Waktu bergulir, membawa air hujan membasahi tanah, yang kemudian mengering kembali. Entah sudah berapa fase terjadi, dan sejak itu tidak lagi ada kabarmu.
Aku tidak menunggu, aku hanya masih memikirkan alibimu setiap kembali dari menghilang.
"Aku kemarin sibuk, jadi nggak kebalas pesannya.",
"Pesanmu ketimbun sama grup",
"Kamu kenapa nggak coba mengirim pesan lagi?"
Apa mungkin kamu sedang ikut trend akhir-akhir ini; ghosting umpamanya. Sedikit terdengar keren bukan untuk sikapmu ini.
Mungkin menurutmu aku keras kepala, hingga membuatmu malas dan jengah. Tapi dengar ya, aku seperti ini agar tidak ada aku lagi yang dulu. Yang selalu luluh dan percaya, kemudian dijarah.
Mungkin bagimu aku kaku, hingga kamu menganggapku gagu dan batu. Tapi harusnya kamu mengerti, hal-hal yang semestinya disembunyikan tidak pantas untuk diutarakan ketika kita belum siapa-siapa.
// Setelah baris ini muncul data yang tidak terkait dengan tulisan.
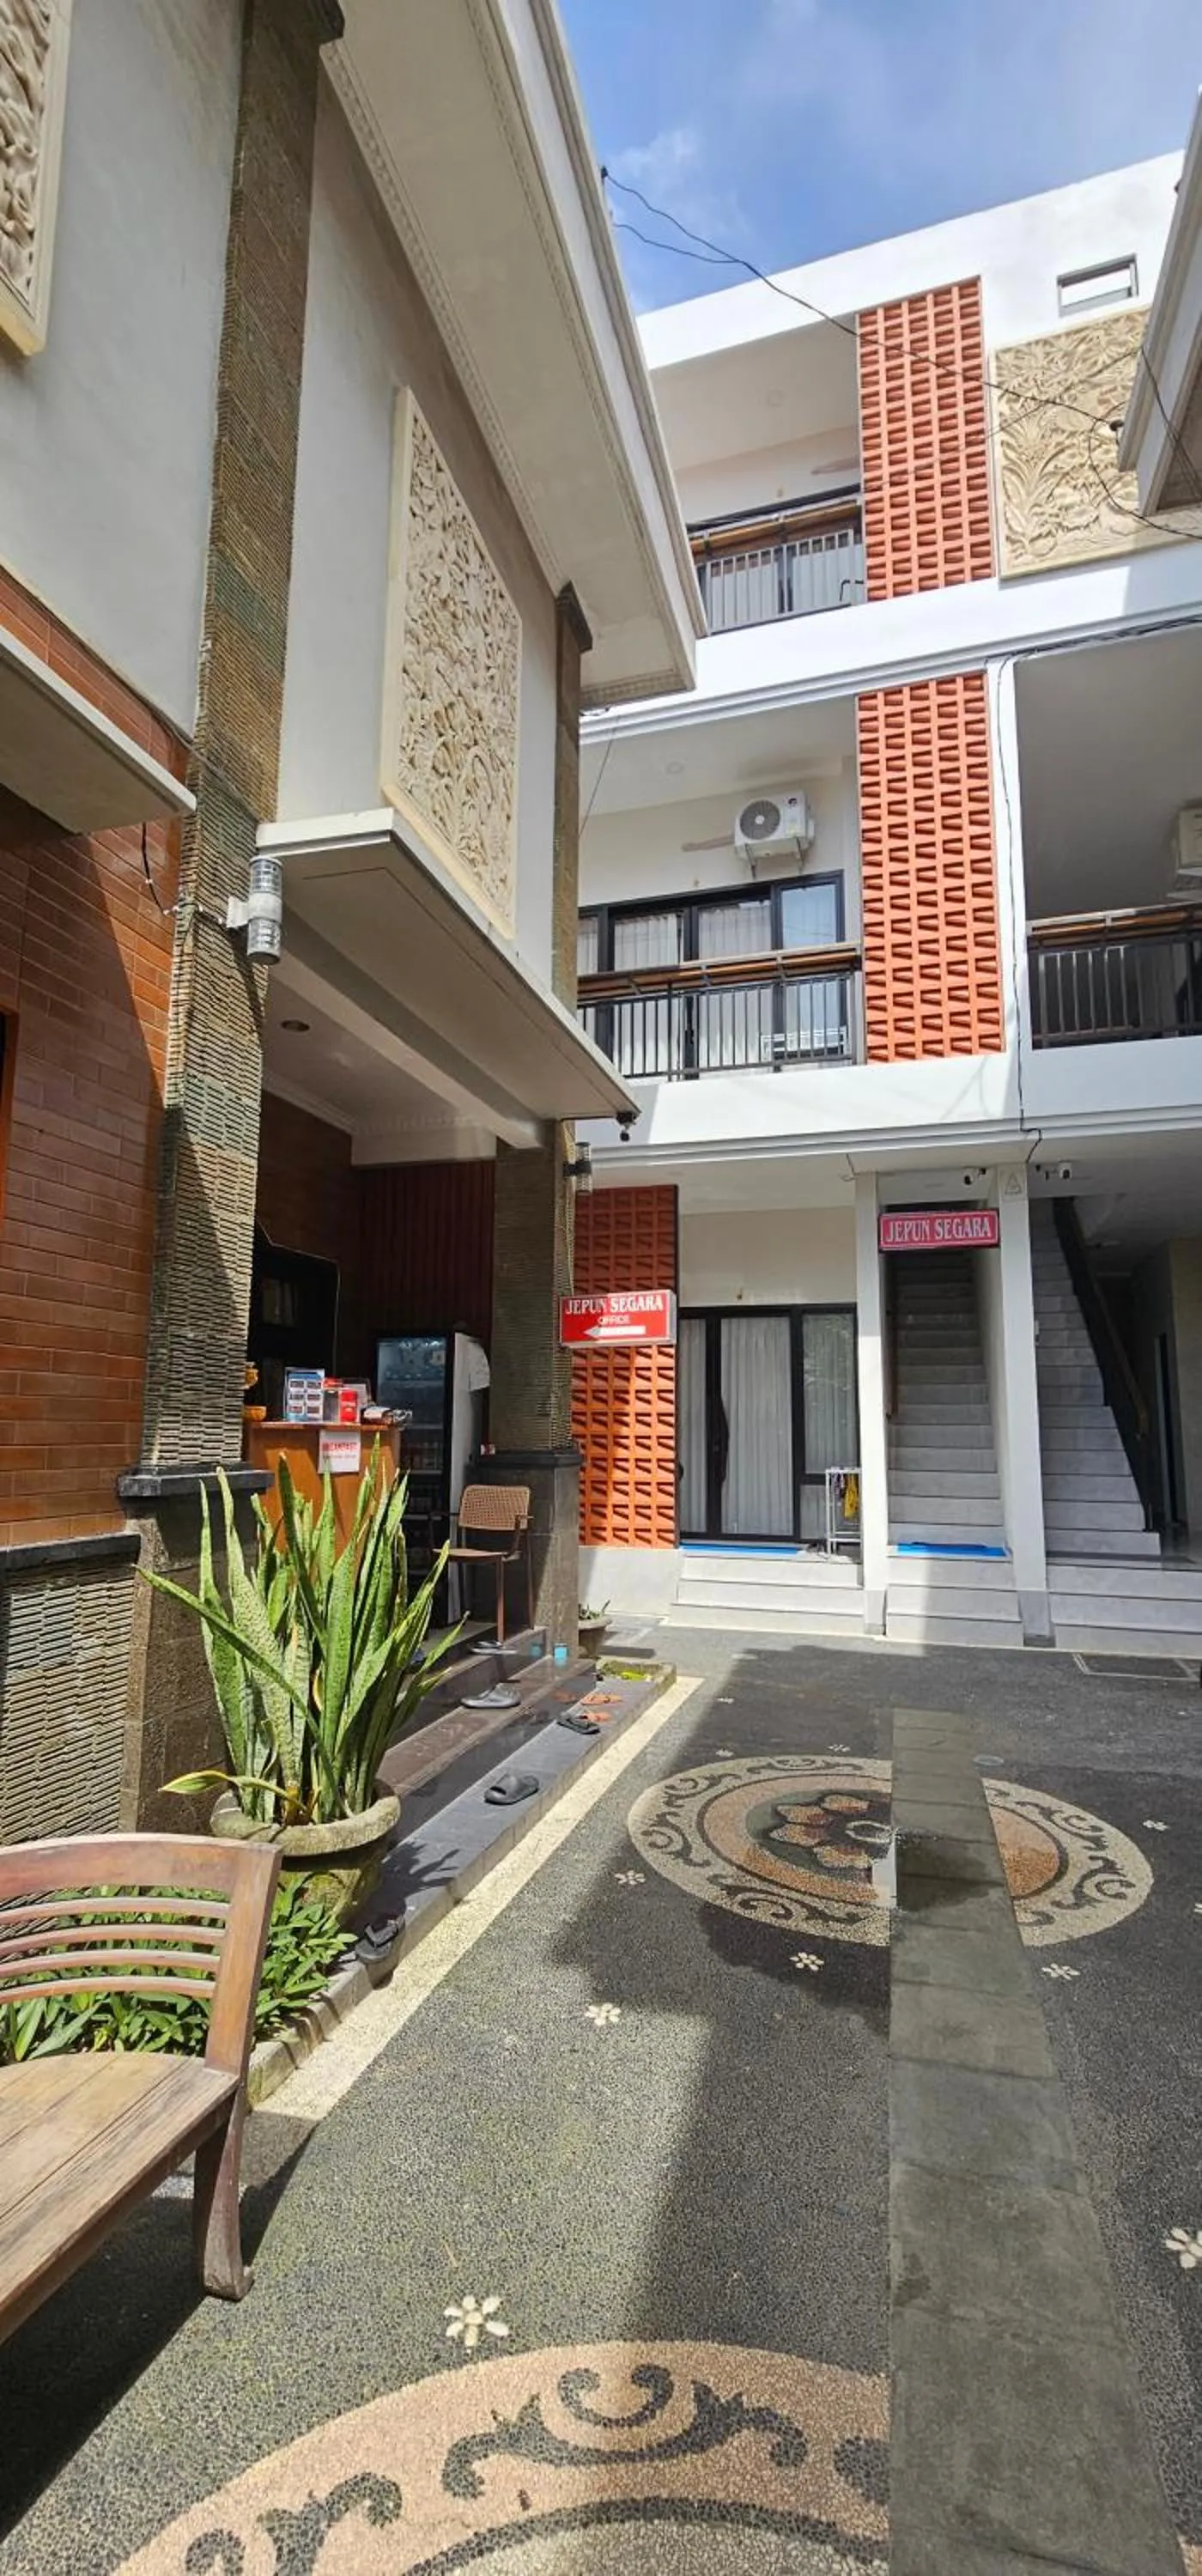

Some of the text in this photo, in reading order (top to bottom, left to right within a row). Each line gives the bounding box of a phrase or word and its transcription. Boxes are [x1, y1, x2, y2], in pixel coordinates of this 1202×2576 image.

[885, 1216, 992, 1242] JEPUN SEGARA
[566, 1294, 664, 1315] JEPUN SEGARA
Aku memakluminya, pembicaraan yang sudah dingin, tawa yang sekedar menghibur, dan pertemuan sebagai formalitas. Rasanya tidak ada yang perlu diteruskan. Tidak ada yang harus merasa berat, karena sejak saat itu, tepatnya pertama kali kita bertemu, semuanya tidak ada yang berubah, kita tetaplah orang asing dan kebetulan pernah berbagi cerita.